# Instructions to follow
All the entries need to be quoted exactly, apart from the pictures, which you should drop.

# Records for this exercise
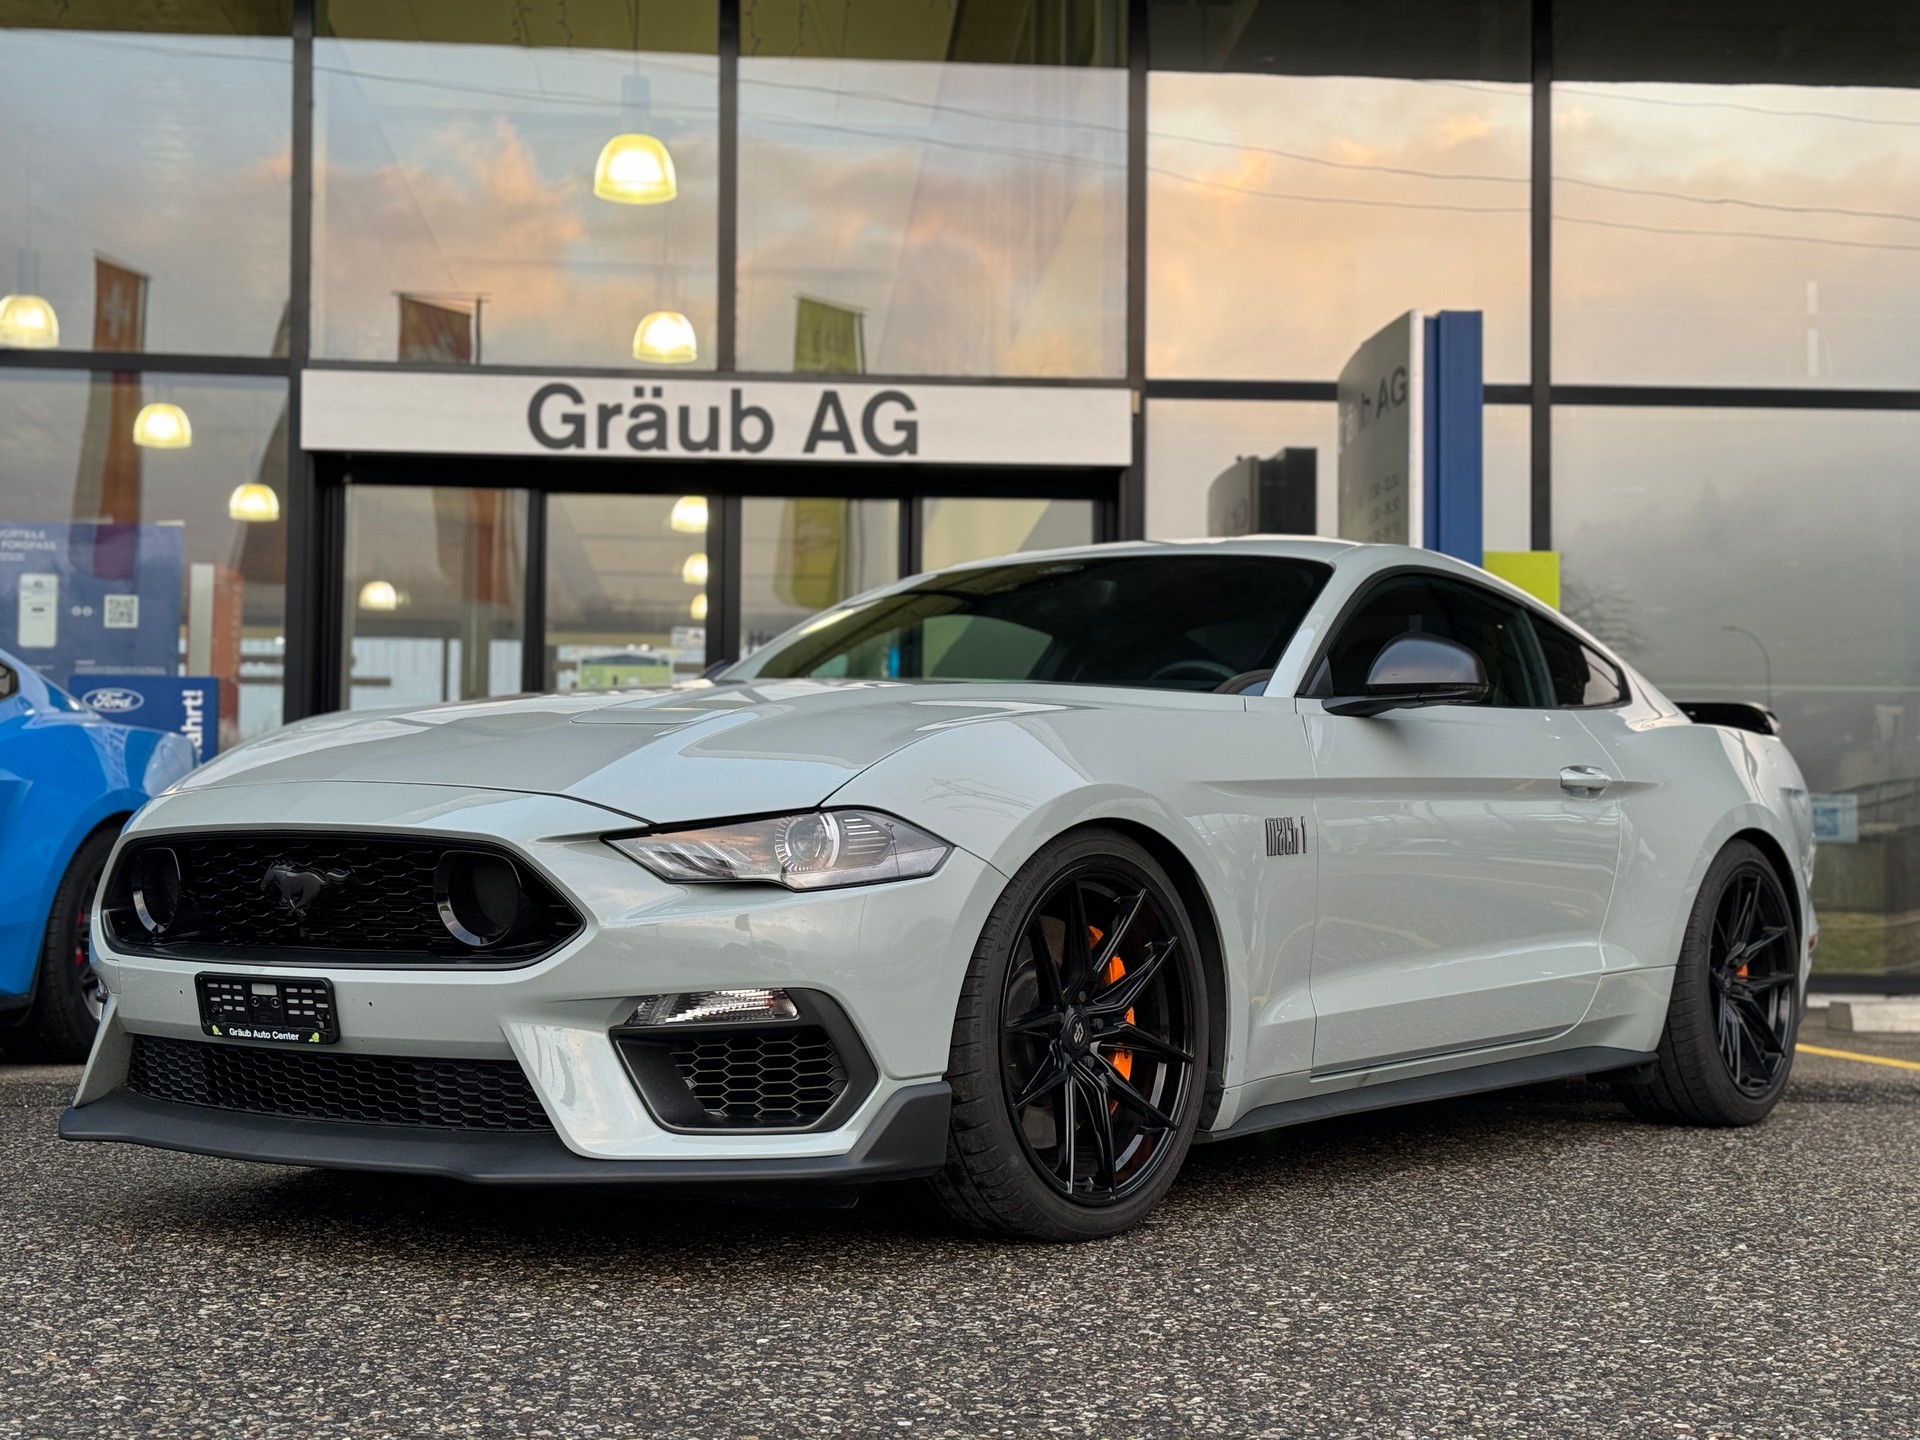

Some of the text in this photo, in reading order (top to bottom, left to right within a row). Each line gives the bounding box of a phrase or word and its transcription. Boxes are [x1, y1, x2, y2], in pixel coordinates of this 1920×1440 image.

[527, 382, 919, 457] Gräub AG
[92, 690, 134, 709] Ford
[181, 689, 204, 755] ahrt!
[228, 1027, 300, 1041] Gräub Auto Center
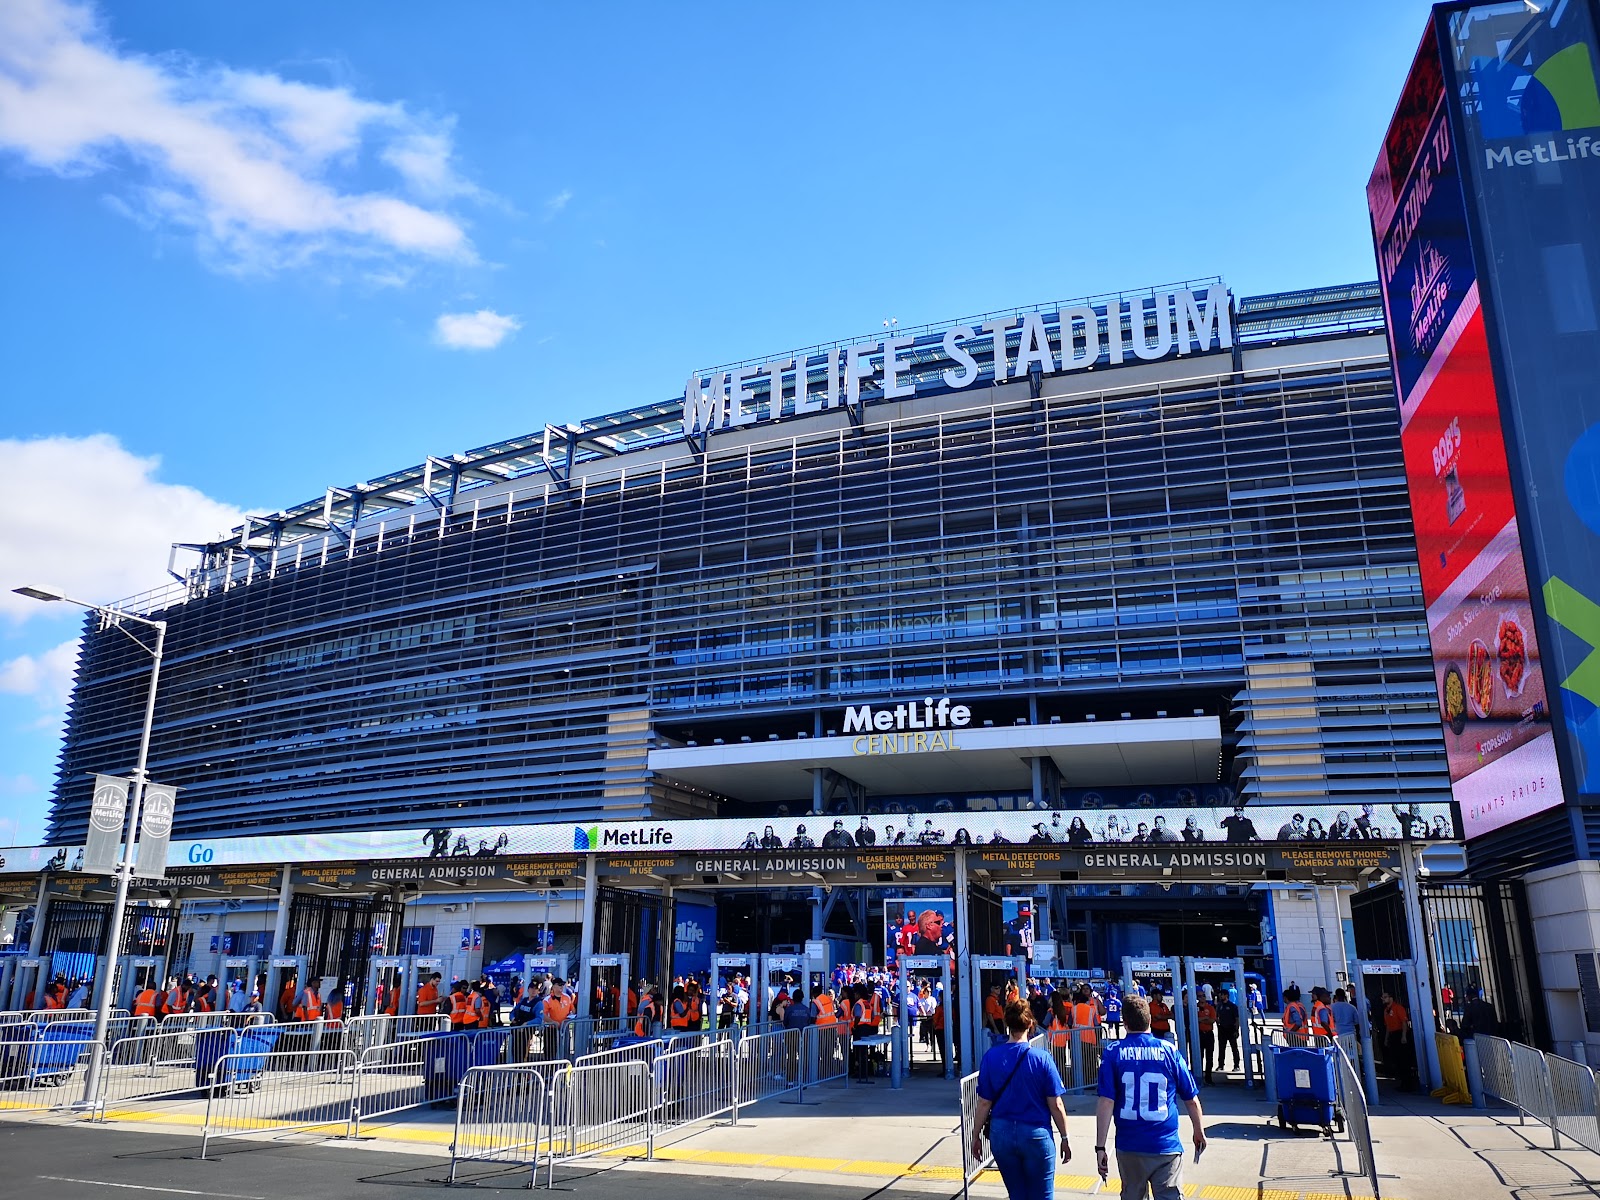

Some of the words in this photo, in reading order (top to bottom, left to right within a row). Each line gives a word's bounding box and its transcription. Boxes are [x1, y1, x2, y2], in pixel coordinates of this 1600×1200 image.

[1385, 152, 1433, 283] WELCOME
[1433, 115, 1449, 174] TO
[1415, 280, 1448, 348] MetLife
[683, 335, 916, 435] METLIFE
[942, 283, 1233, 388] STADIUM
[1432, 416, 1461, 476] BOB'S
[1447, 621, 1464, 643] Shop.
[1480, 585, 1503, 608] Score.
[842, 697, 972, 732] MetLife
[852, 731, 961, 756] CENTRAL
[1470, 795, 1505, 820] GIANTS
[1512, 777, 1545, 802] PRIDE
[95, 809, 123, 818] MetLife
[145, 815, 170, 826] MetLife
[603, 828, 673, 846] MetLife
[188, 844, 214, 864] Go
[857, 855, 884, 863] PLEASE
[885, 854, 913, 862] REMOVE
[915, 854, 947, 863] PHONES,
[982, 853, 1010, 861] METAL
[1011, 852, 1061, 861] DETECTORS
[1084, 853, 1162, 867] GENERAL
[1169, 853, 1266, 867] ADMISSION
[1281, 851, 1314, 859] PLEASE
[1315, 851, 1350, 859] REMOVE
[1352, 851, 1391, 860] PHONES,
[609, 860, 632, 868] METAL
[633, 859, 675, 867] DETECTORS
[695, 858, 761, 872] GENERAL
[765, 857, 846, 872] ADMISSION
[901, 862, 917, 870] AND
[1018, 860, 1036, 868] USE
[1294, 859, 1331, 867] CAMERAS
[1333, 859, 1354, 867] AND
[1355, 859, 1380, 867] KEYS
[218, 872, 237, 880] PLEASE
[322, 868, 356, 876] DETECTORS
[371, 867, 425, 879] GENERAL
[429, 865, 496, 879] ADMISSION
[638, 867, 653, 875] USE
[111, 878, 153, 888] GERAL
[156, 874, 210, 887] ADMISSION
[1108, 1004, 1118, 1012] 23
[1120, 1071, 1168, 1122] 10
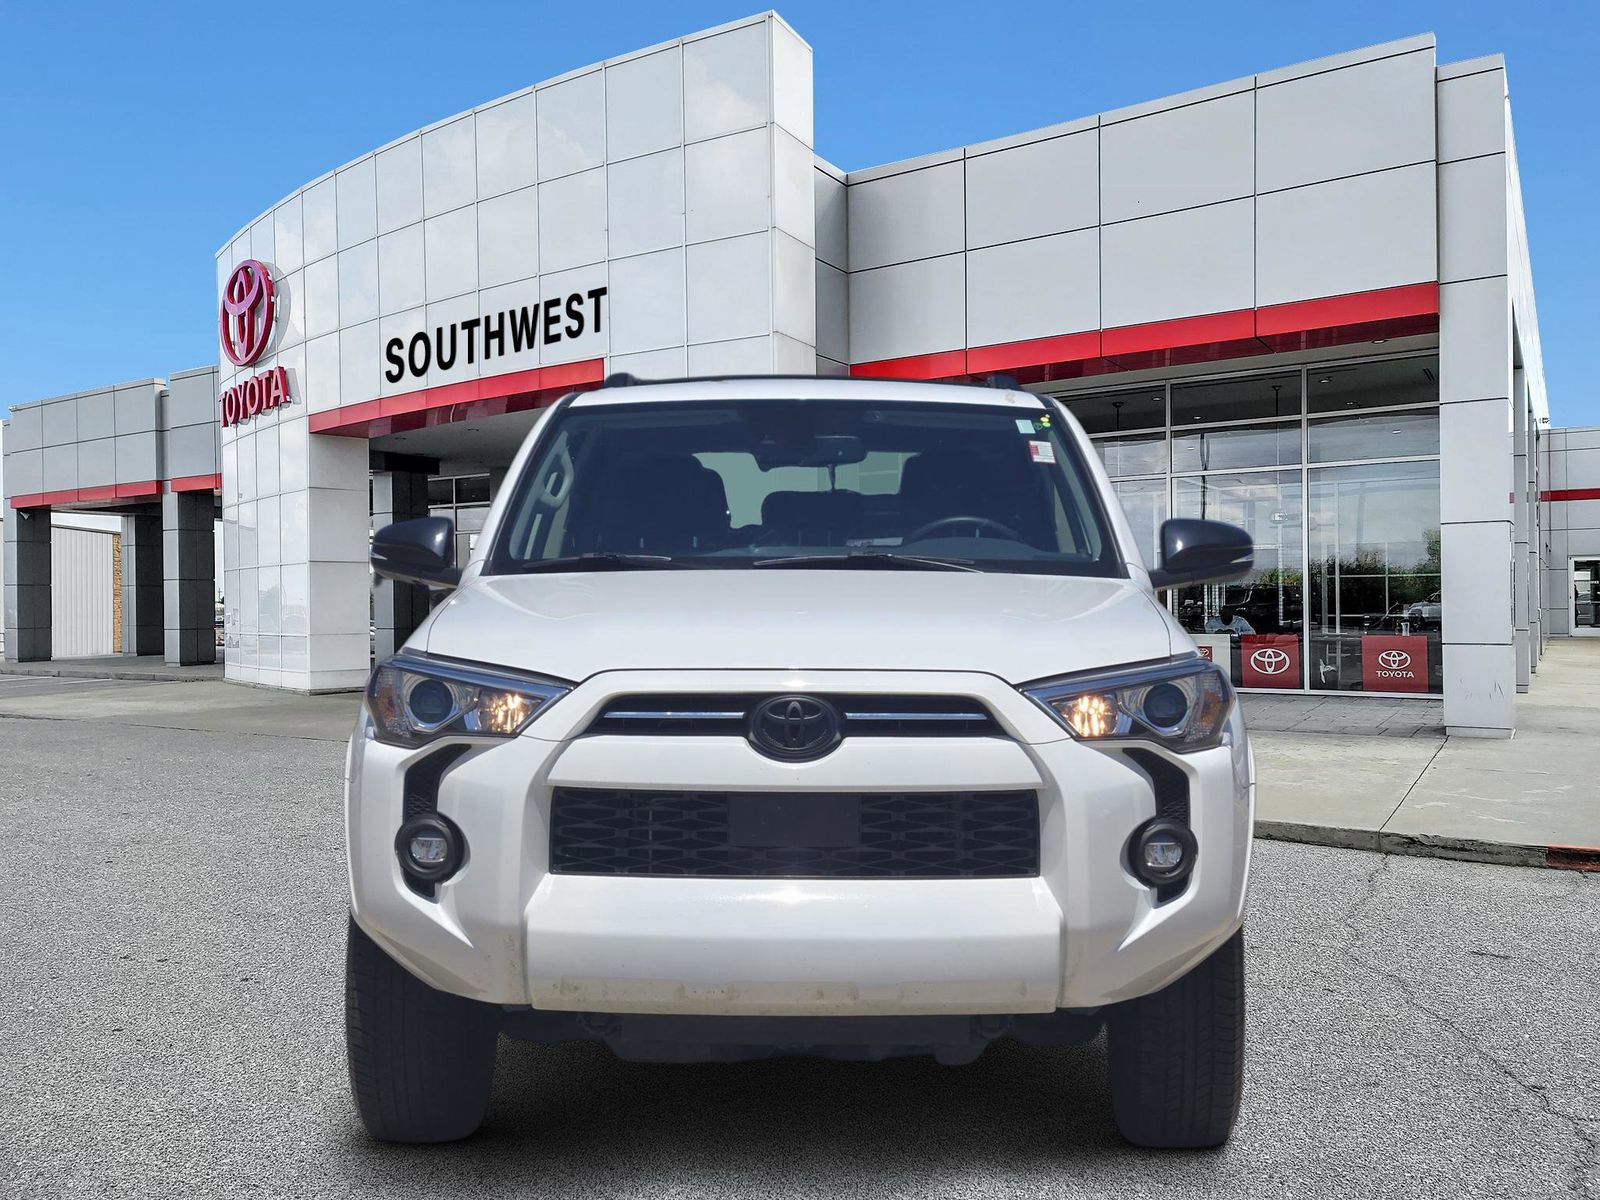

# Exercise result
Some of the text in this photo, in reading order (top to bottom, left to right within a row). Each line gives the bounding box of a phrase or word and its transcription. Boxes are [x1, y1, x2, y2], in pixel coordinates of this 1920×1440 image.

[527, 382, 919, 457] Gräub AG
[92, 690, 134, 709] Ford
[181, 689, 204, 755] ahrt!
[228, 1027, 300, 1041] Gräub Auto Center

Some of the words in this photo, in reading order (top to bottom, left to right within a row). Each line gives a word's bounding box and its transcription. Boxes are [x1, y1, x2, y2], in pixel coordinates of this 1600×1200 image.

[1385, 152, 1433, 283] WELCOME
[1433, 115, 1449, 174] TO
[1415, 280, 1448, 348] MetLife
[683, 335, 916, 435] METLIFE
[942, 283, 1233, 388] STADIUM
[1432, 416, 1461, 476] BOB'S
[1447, 621, 1464, 643] Shop.
[1480, 585, 1503, 608] Score.
[842, 697, 972, 732] MetLife
[852, 731, 961, 756] CENTRAL
[1470, 795, 1505, 820] GIANTS
[1512, 777, 1545, 802] PRIDE
[95, 809, 123, 818] MetLife
[145, 815, 170, 826] MetLife
[603, 828, 673, 846] MetLife
[188, 844, 214, 864] Go
[857, 855, 884, 863] PLEASE
[885, 854, 913, 862] REMOVE
[915, 854, 947, 863] PHONES,
[982, 853, 1010, 861] METAL
[1011, 852, 1061, 861] DETECTORS
[1084, 853, 1162, 867] GENERAL
[1169, 853, 1266, 867] ADMISSION
[1281, 851, 1314, 859] PLEASE
[1315, 851, 1350, 859] REMOVE
[1352, 851, 1391, 860] PHONES,
[609, 860, 632, 868] METAL
[633, 859, 675, 867] DETECTORS
[695, 858, 761, 872] GENERAL
[765, 857, 846, 872] ADMISSION
[901, 862, 917, 870] AND
[1018, 860, 1036, 868] USE
[1294, 859, 1331, 867] CAMERAS
[1333, 859, 1354, 867] AND
[1355, 859, 1380, 867] KEYS
[218, 872, 237, 880] PLEASE
[322, 868, 356, 876] DETECTORS
[371, 867, 425, 879] GENERAL
[429, 865, 496, 879] ADMISSION
[638, 867, 653, 875] USE
[111, 878, 153, 888] GERAL
[156, 874, 210, 887] ADMISSION
[1108, 1004, 1118, 1012] 23
[1120, 1071, 1168, 1122] 10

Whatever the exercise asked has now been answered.